Vivir es elegir y es responder por las consecuencias de la elección. En eso consiste la responsabilidad. Y libertad y responsabilidad son hermanas gemelas e inseparables. A mayor responsabilidad, mayor libertad. En la medida en que soy consciente de que mis acciones (e inacciones), mis palabras (y mis silencios) tienen consecuencias y estoy dispuesto a responder ante ellas, más se amplía mi horizonte de elecciones y más libre soy. Por otra parte, si debo elegir es porque existen los límites. De lo contrario mis deseos, mis impulsos y mis acciones se concretarían siempre y de inmediato. Pero sé que no es así. Soy libre, entonces, cuando acepto que todo no se puede, elijo mi actitud y respondo por ella. He aquí cómo se cierra el ciclo que va de la libertad del bebé (fugaz e irreal) a la libertad como producto de la madurez.

¿Y por casa cómo andamos?

En la vida real demasiadas personas quedan estancadas, más allá de su edad cronológica, en la “libertad primera”. Además, la consideran un derecho desprovisto de deberes, viven los límites como opresión y terminan por convertirse en transgresores. La madurez de una sociedad se puede medir por su actitud ante los transgresores y la transgresión. Cuando los celebra, cuando elige ídolos, referentes y líderes transgresores, se denuncia a sí misma como una sociedad-bebé, con un bajo índice de responsabilidad y poca capacidad para ejercer la verdadera libertad. No está de más recordar en este punto que las sociedades no son abstracciones, sino que se componen de individuos y que es la suma y el tipo de conductas individuales la que da el tono de la conducta colectiva.

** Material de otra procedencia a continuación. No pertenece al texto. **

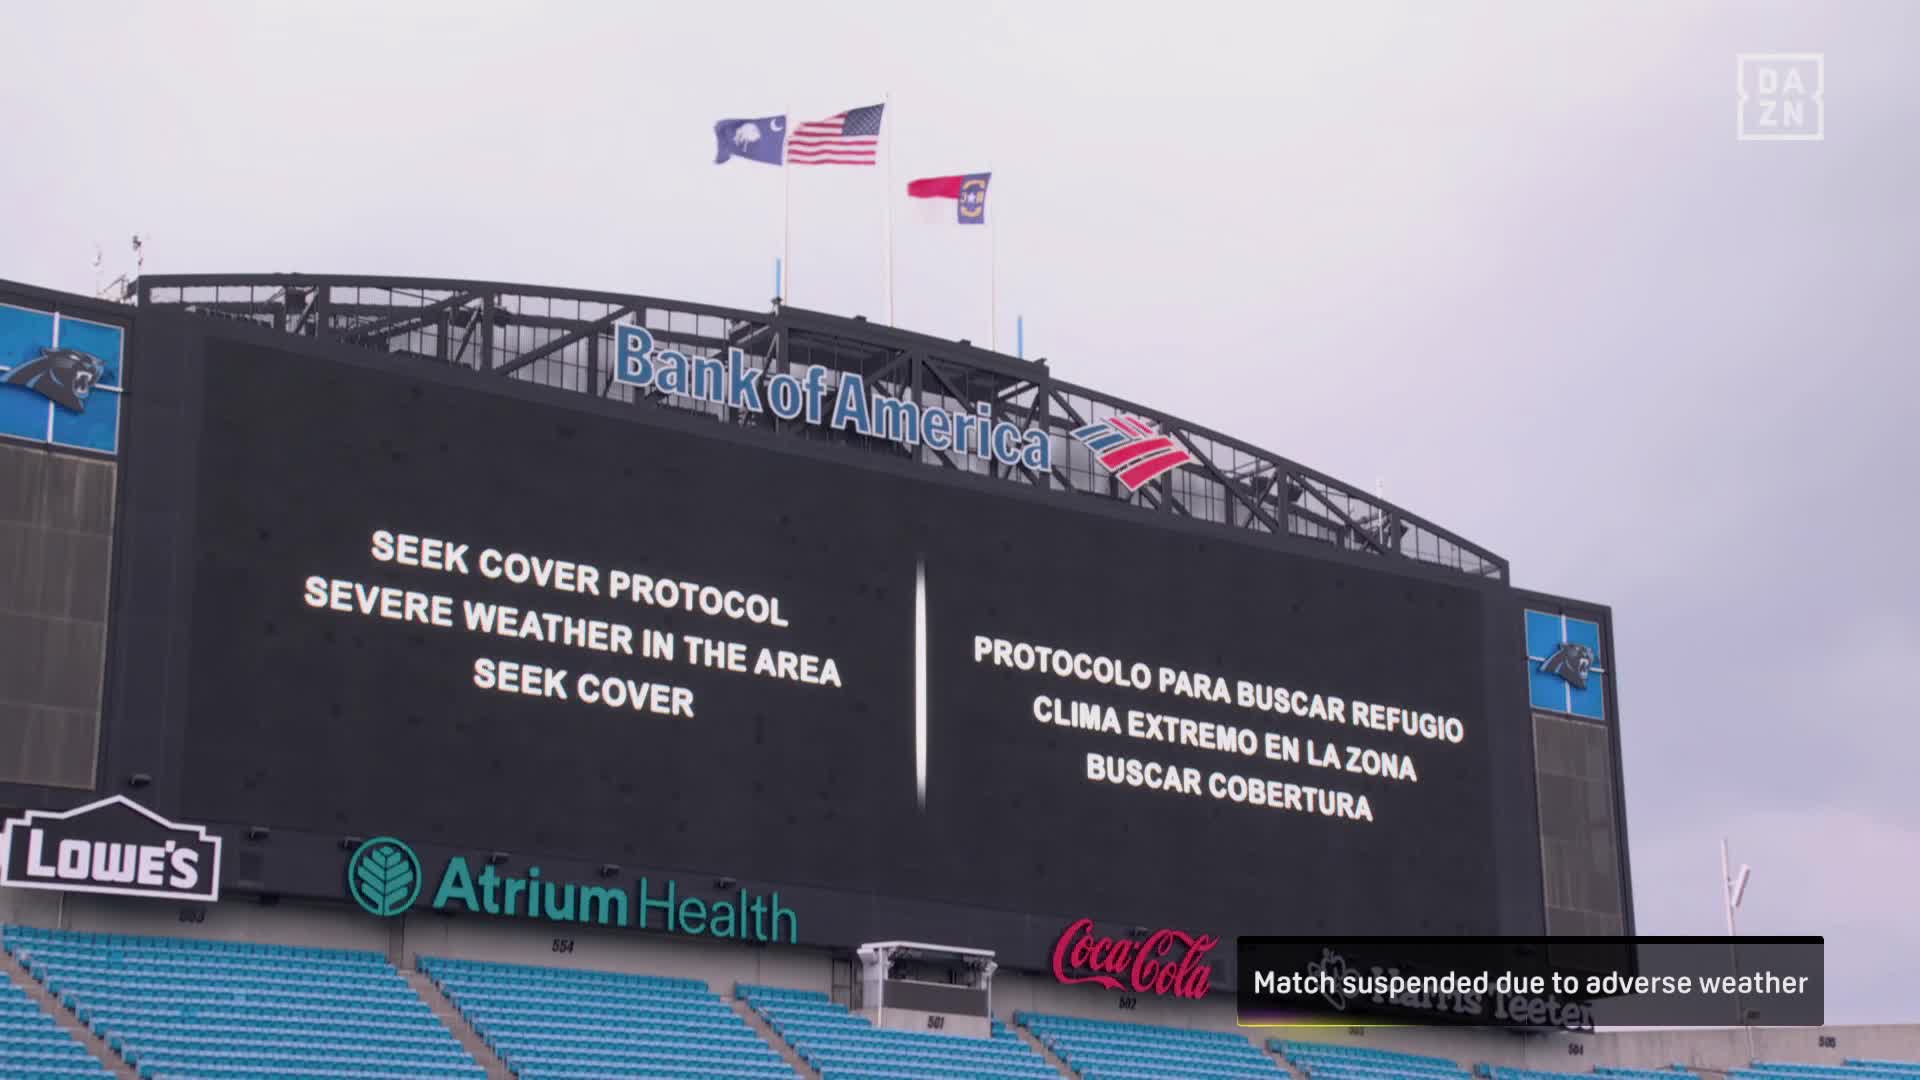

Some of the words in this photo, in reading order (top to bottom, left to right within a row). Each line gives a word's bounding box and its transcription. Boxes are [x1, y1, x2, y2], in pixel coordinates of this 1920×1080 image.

Lo cierto es que se puede ser libre aunque se esté encarcelado, y se puede carecer de obstáculos y frenos para los deseos e impulsos y no ser libre en el verdadero, profundo y maduro sentido de la palabra. Como bien decía Frankl, la vida nos plantea preguntas a cada paso. Lo hace a través de situaciones y circunstancias. Y nos exige respuestas. Esa exigencia pone a prueba nuestra libertad última, la libertad esencial. También nos conecta con otras dos formulaciones de la libertad. La libertad “de” y la libertad “para”. 

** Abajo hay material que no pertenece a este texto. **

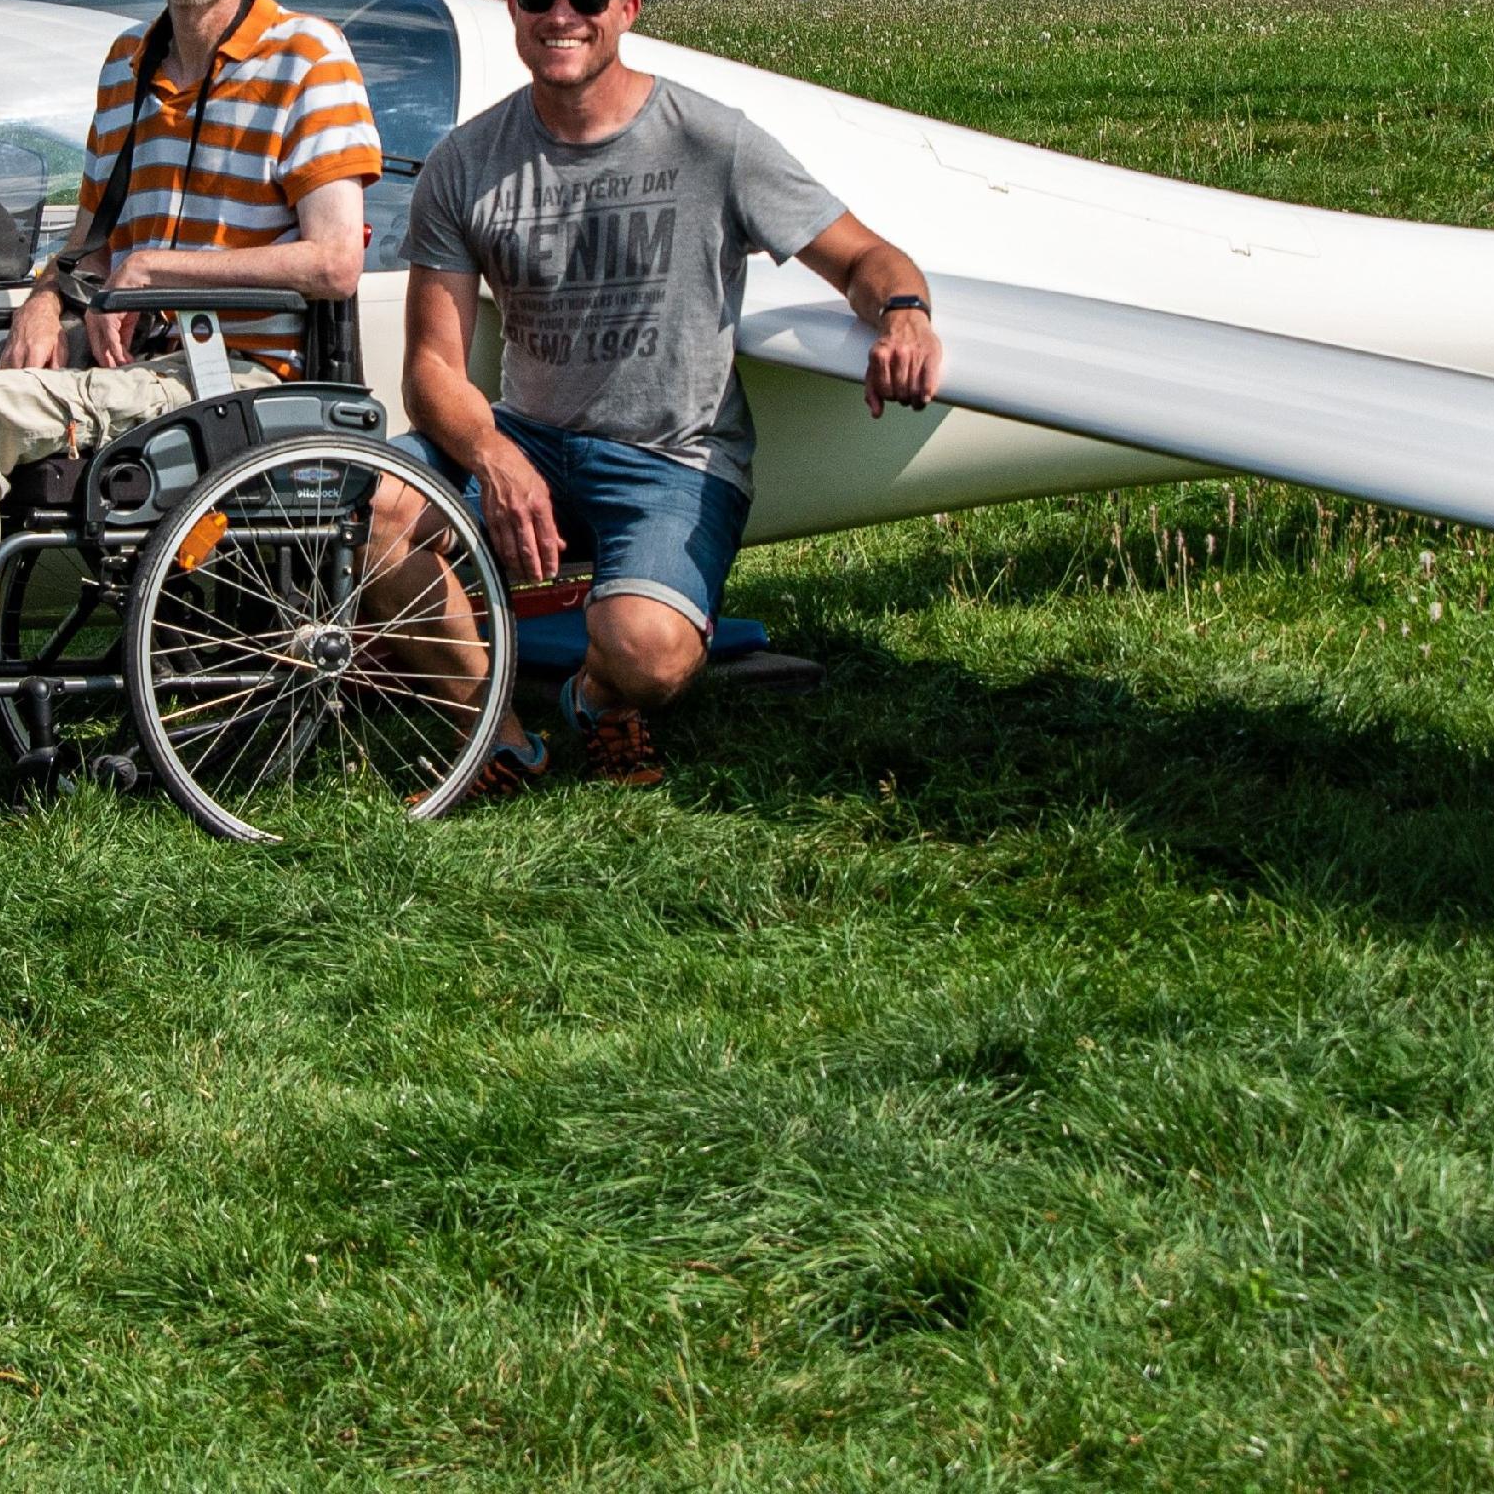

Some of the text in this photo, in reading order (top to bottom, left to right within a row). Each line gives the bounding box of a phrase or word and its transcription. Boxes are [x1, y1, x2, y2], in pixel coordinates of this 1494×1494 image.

[572, 175, 634, 203] EVERY
[642, 167, 679, 195] DAY
[491, 207, 677, 289] DENIM
[505, 325, 659, 365] BLEND 1993

En el enfoque infantil y primitivo prevalece la idea de que liberarse es siempre evadir o sacarse de encima un límite, una restricción, una imposibilidad. Es la libertad “de”. El enfoque maduro va mucho más allá. Concibe la libertad como posibilidad de realización de proyectos, sueños y aspiraciones que no solo contribuirán a la realización y la trascendencia personal, sino que mejorarán el entorno en que existimos y dejarán una huella benéfica en otros. Es la libertad “para”. No se trata solo de liberarse “de”, sino fundamentalmente de liberarse “para”. Alguien que consiguió y ejerció maravillosamente esta última libertad, el Mahatma Gandhi, dijo alguna vez: “No se nos otorgará la libertad externa más que en la medida exacta en que hayamos sabido, en un momento determinado, desarrollar nuestra libertad interna”.

Las circunstancias parecen hoy propicias para que cada uno de nosotros ponga a prueba su idea de libertad y para que responda a lo que la vida nos está preguntando. ¿De qué queremos liberarnos? ¿Para qué? ¿Cómo estamos ejerciendo la libertad última?